I understand that you don't want to use any proprietary software like Microsoft Office and why. The only open-source code I know is OpenOffice itself (where .odt came from) and its
fork LibreOffice. Please see:
http://en.wikipedia.org/wiki/OpenOffice.org[
^],
http://www.openoffice.org/[
^],
http://en.wikipedia.org/wiki/LibreOffice[
^],
http://www.libreoffice.org/[
^].
You can download the source and find the code working with nearly all versions of Office documents. And, of course, .ODT and all other OpenOffice/LibreOffice documents.
If you would like to support only the newer Office Open XML, the format itself is available and is standardized under ECMA-376 and ISO/IEC 29500:2008:
http://en.wikipedia.org/wiki/Office_Open_XML[
^],
http://en.wikipedia.org/wiki/Office_Open_XML_software[
^].
Please see the comparison chart on Office Open XML software:
http://en.wikipedia.org/wiki/Comparison_of_Office_Open_XML_software[
^].
As some source code is available and open, you can use it.

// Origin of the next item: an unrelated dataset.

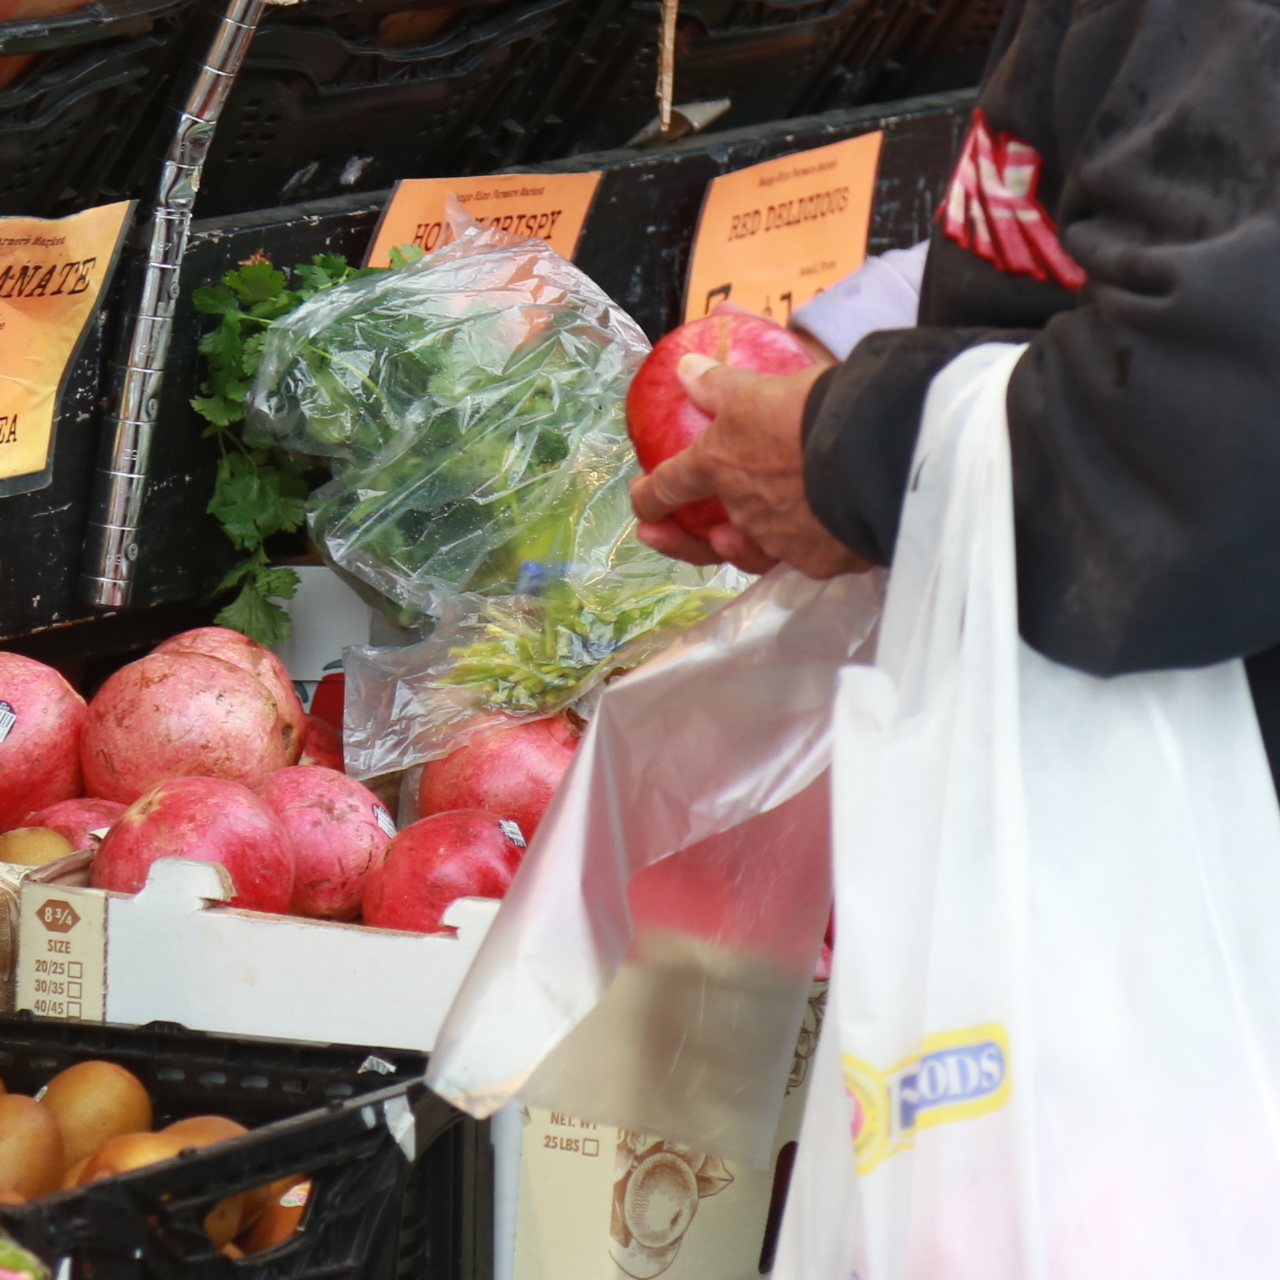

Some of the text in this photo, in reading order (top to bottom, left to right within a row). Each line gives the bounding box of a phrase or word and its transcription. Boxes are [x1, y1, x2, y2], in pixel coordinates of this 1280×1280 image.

And, finally, when you manage to get data from Office documents, you can map it onto PDF structure. To produce PDF itself, you can use the .NET port of iText; this port is called iTextSharp:
http://en.wikipedia.org/wiki/IText[
^],
http://itextpdf.com/[
^],
http://sourceforge.net/projects/itextsharp/[
^].
I provided links to iText, too, because nearly all documentation you need to work with iTextSharp is there, provided as Java documentation.